Wednesday, February 12, 2014

Research Journal #2


Terrones, Z. (2012). The Repressed Tension in Haute tension. Film Matters, 3(1), 25-29.


Claim:
She is the attacker and the attacked, simultaneously, to represent the same self (Clover 191 ) that exists in the viewer also; she is the symbol of the viewers themselves and thus of how our society functions. Marie symbolizes the repressed woman in the male-dominated society who wants to free herself from those clutches to become whole and receive the satisfaction that is yearned for.

Paraphrased:
The female protagonist in the film is a symbol for the female struggle to break social restraints and achieve freedom.

Summary:
The article is using the film “High Tension”, or “Haute Tension”, a French film directed by Alexandre Aja in 2003. The film follows two women, the protagonist of the film being a sexual repressed female with a alter persona that just happens to be a male. The film portrays the events following a sudden snap in this women’s mind, a sudden gender and psychological flip triggered by sexual fantasies surrounding her female friend Alex. The literal moment that switches the personas is the protagnist’s climax while masturbating to Alex. The article dissects the reasoning behind this character, and how she both further instates the ‘unstable and monstrous female’ trope that plagues horror and also the repression our patriarchal society puts on women, especially sexually. The author also elaborates on the physical aspects of the film. Marie, the protagonist of the film, is an all around androgynous looking character, with short hair and nondescript features. It explains that  “Her alternate physical form creates an exception, giving her the liberty to be in control and dominate, things she could never do in a female form”(2) also going on to quote  published film professor Carol Clover, saying that  ‘what de France's (Marie) character emphasizes to the spectator is that "masculinity and femininity are more states of mind than body" (Clover 188).’ The article concludes by putting an emphasis on the symbols created by Marie’s character, and how “she is the symbol of the viewers themselves and thus of how our society functions.”(4)

Quotations:

"The horror genre is one that follows preset rules in a vast majority of its films, thereby establishing a well-known relationship that the audience has come to expect between the female victim and the male killer - along with the sexual and social repressions it connotes.(1)"

"This reladonship is based on the genre's male superiority and women's passivity, which parallels the female status of the real- world patriarchal society that views it."


"that the horror genre can convey the idea of "the overthrow of patriarchal capitalist ideology" that can come about as a response to the repressions that the institution creates - even if only through symbolism in the medium. One of the repressions it creates is the woman as an Other: she is given neither the same status nor importance as a man in the male-dominated society in which we live."


"the denial to women of drives culturally associated with masculinity: activeness, aggression, self- assertion, organizational power, creativity itself" (Wood 167)"

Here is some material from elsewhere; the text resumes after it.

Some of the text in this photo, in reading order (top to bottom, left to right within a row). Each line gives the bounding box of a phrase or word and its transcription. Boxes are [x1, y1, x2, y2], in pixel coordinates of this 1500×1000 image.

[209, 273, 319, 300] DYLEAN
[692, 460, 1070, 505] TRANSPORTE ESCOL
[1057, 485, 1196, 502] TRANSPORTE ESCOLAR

"Classically, the horror film used a male or monstrotis killer as a mirror to the Otherness of the woman, or to reinforce the idea that there is pleasure in "masculine subject positions punishing or dominating feminine objects" (Williams, "Film Bodies" 6)."


"to demonstrate that she is not separate from the male: she too has sexual feelings that must have an outiet; she too is strong- vkdlled and assertive. Yet, this release comes too late. It is no longer a healthy outcome but a gruesome aftereffect as a result of being hidden for so long; she can no longer withhold and withstand the repressed. Why must her liberation be so violent? Well, the woman, like the monster, is feared because it represents the feared "potency of a different kind of sexuality" (Williams, "Alien the Woman" 20) than the one of the dominant group."


"Could it be that not only do horror films represent the tumultuous dichotomous reladonship that exists between the subconscious and conscious selves? Or is there more to it — like an innate urge and pleasure in female desecration because of the conditioning received from society to view the female form as inferior?"